TASK OBJECTIVE — Pictures aside, repeat the whole listing word for word.

######

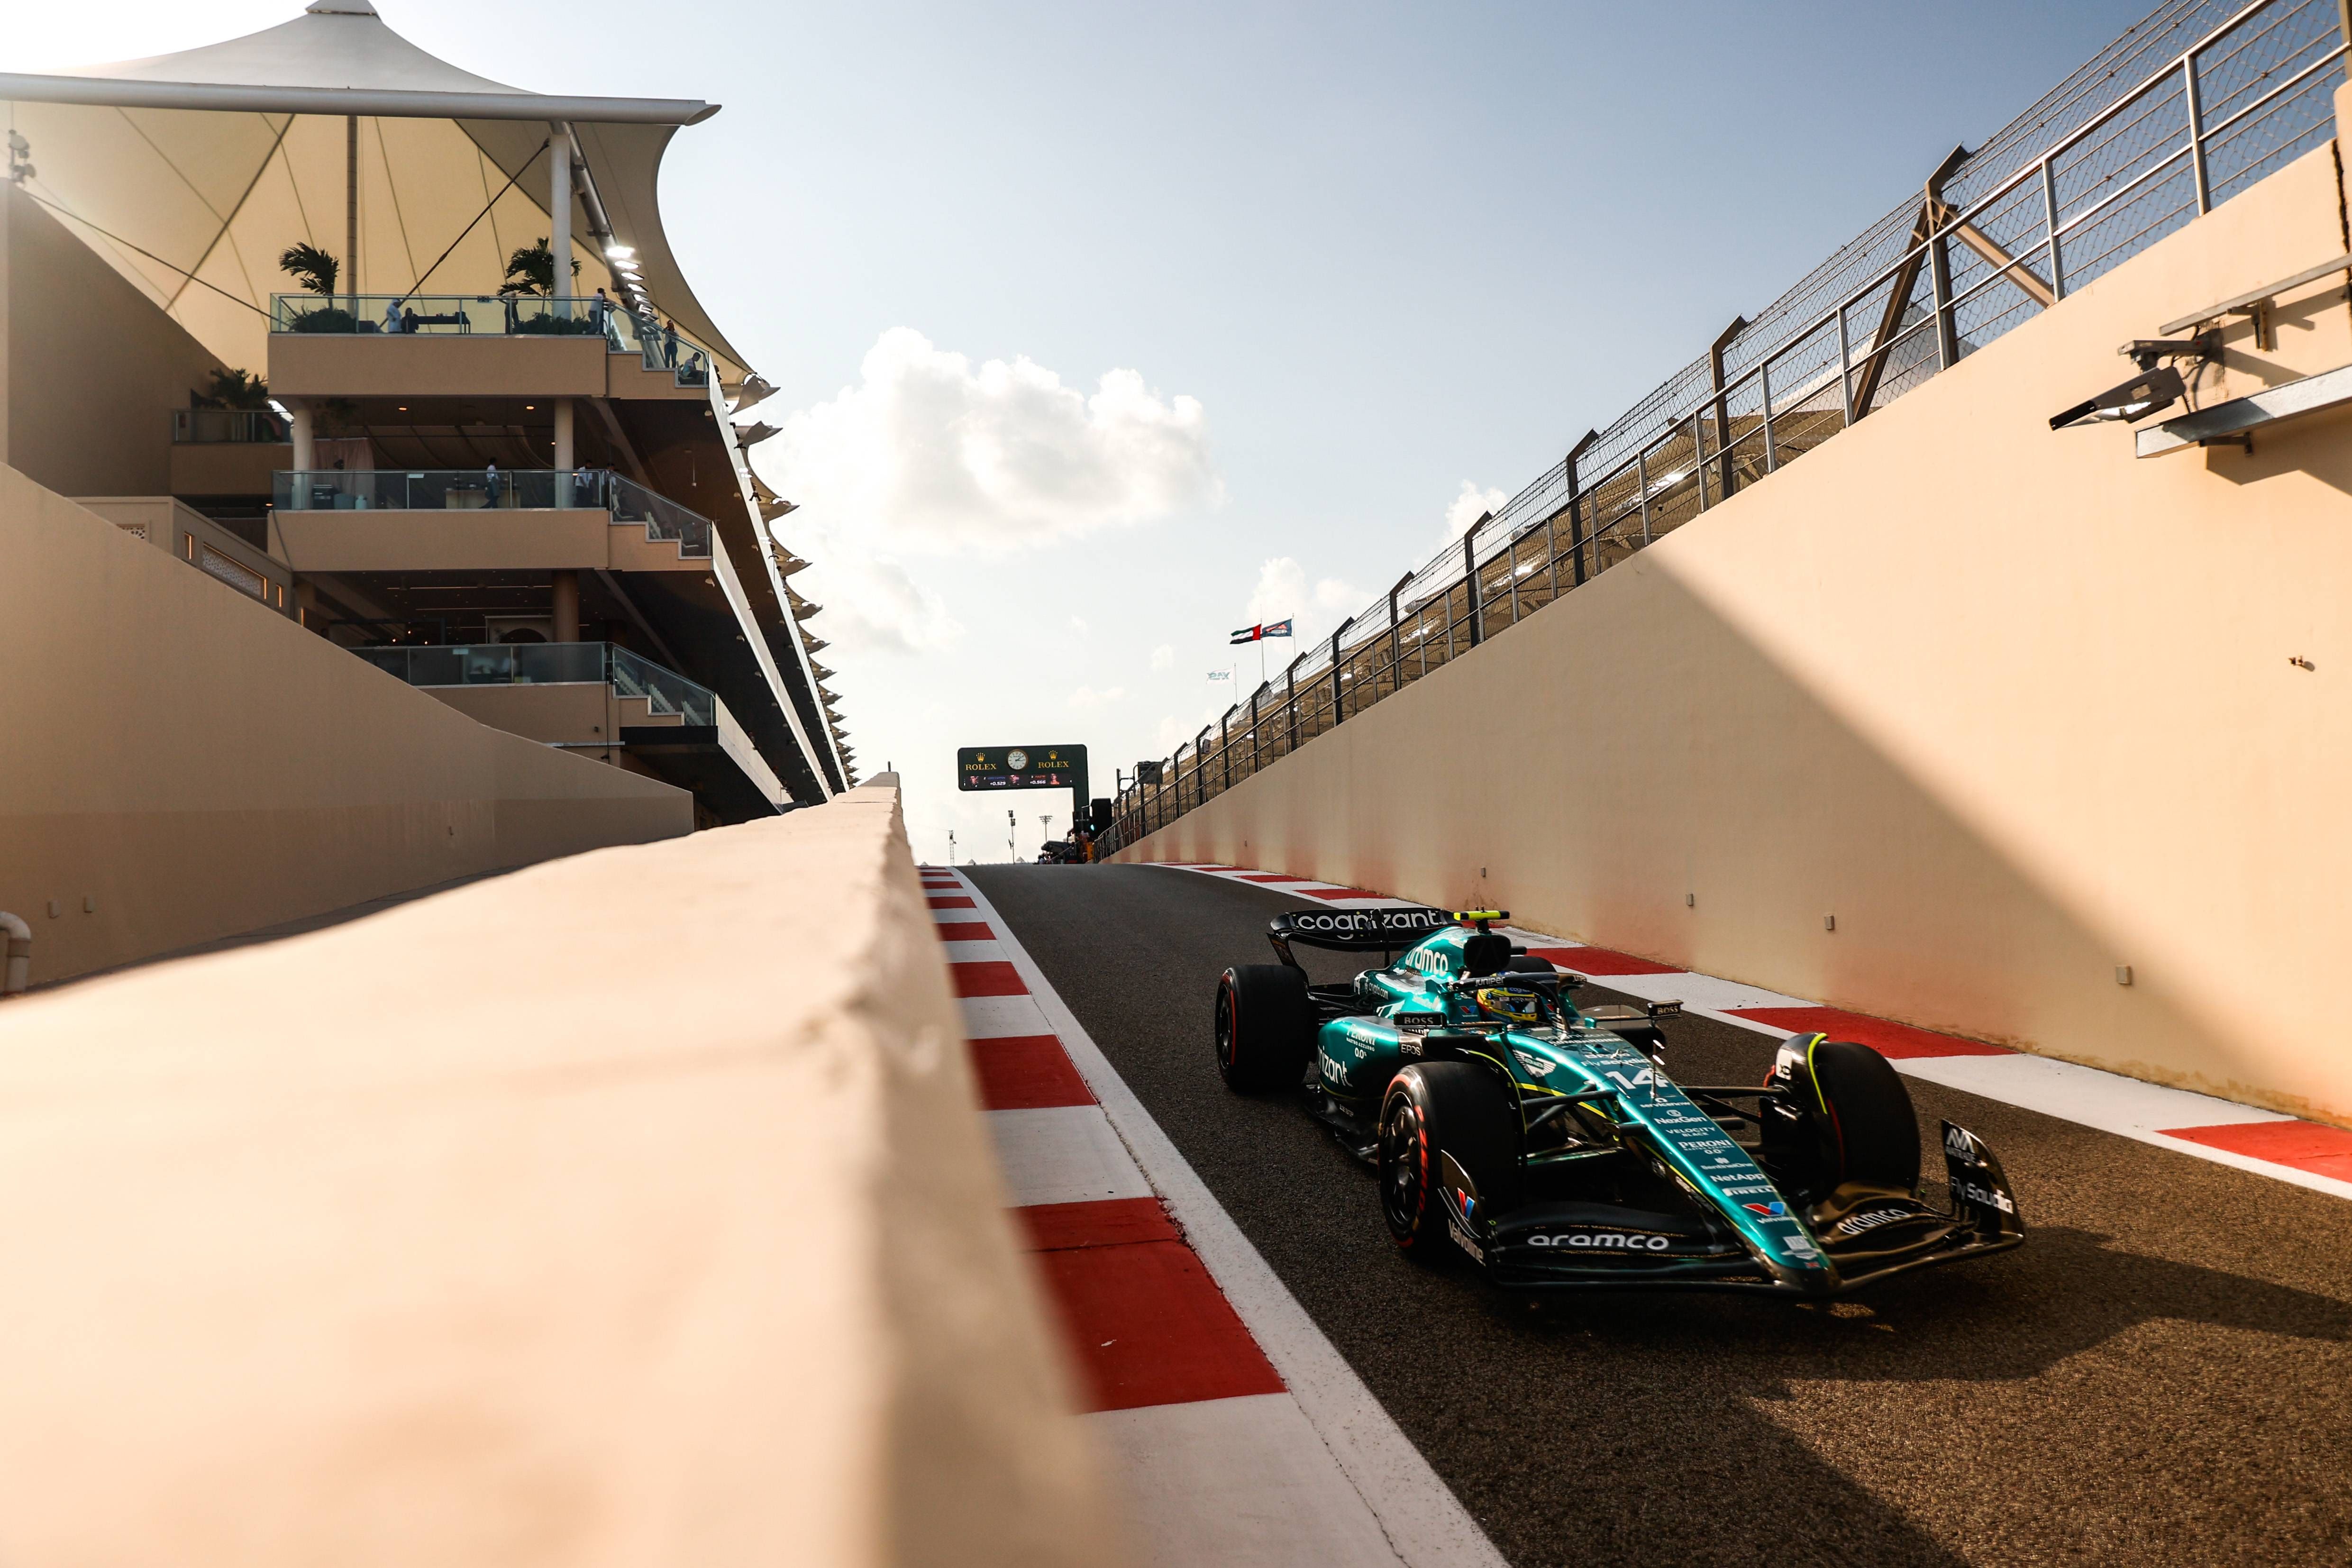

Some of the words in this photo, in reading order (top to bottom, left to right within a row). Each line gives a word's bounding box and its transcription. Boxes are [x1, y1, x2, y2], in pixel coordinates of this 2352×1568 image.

[1298, 910, 1439, 939] cognizant
[1405, 947, 1448, 976] aramco
[1657, 1005, 1678, 1014] BOSS
[1605, 1070, 1668, 1089] 14
[1677, 1140, 1732, 1149] PERONI
[1710, 1173, 1766, 1182] NetApp
[1838, 1209, 1910, 1235] aramco
[1527, 1234, 1669, 1250] aramco

######

SOLUTION TO THIS TASK —
Some of the words in this photo, in reading order (top to bottom, left to right within a row). Each line gives a word's bounding box and its transcription. Boxes are [x1, y1, x2, y2], in pixel coordinates of this 2352×1568 image.

[1298, 910, 1439, 939] cognizant
[1405, 947, 1448, 976] aramco
[1657, 1005, 1678, 1014] BOSS
[1605, 1070, 1668, 1089] 14
[1677, 1140, 1732, 1149] PERONI
[1710, 1173, 1766, 1182] NetApp
[1838, 1209, 1910, 1235] aramco
[1527, 1234, 1669, 1250] aramco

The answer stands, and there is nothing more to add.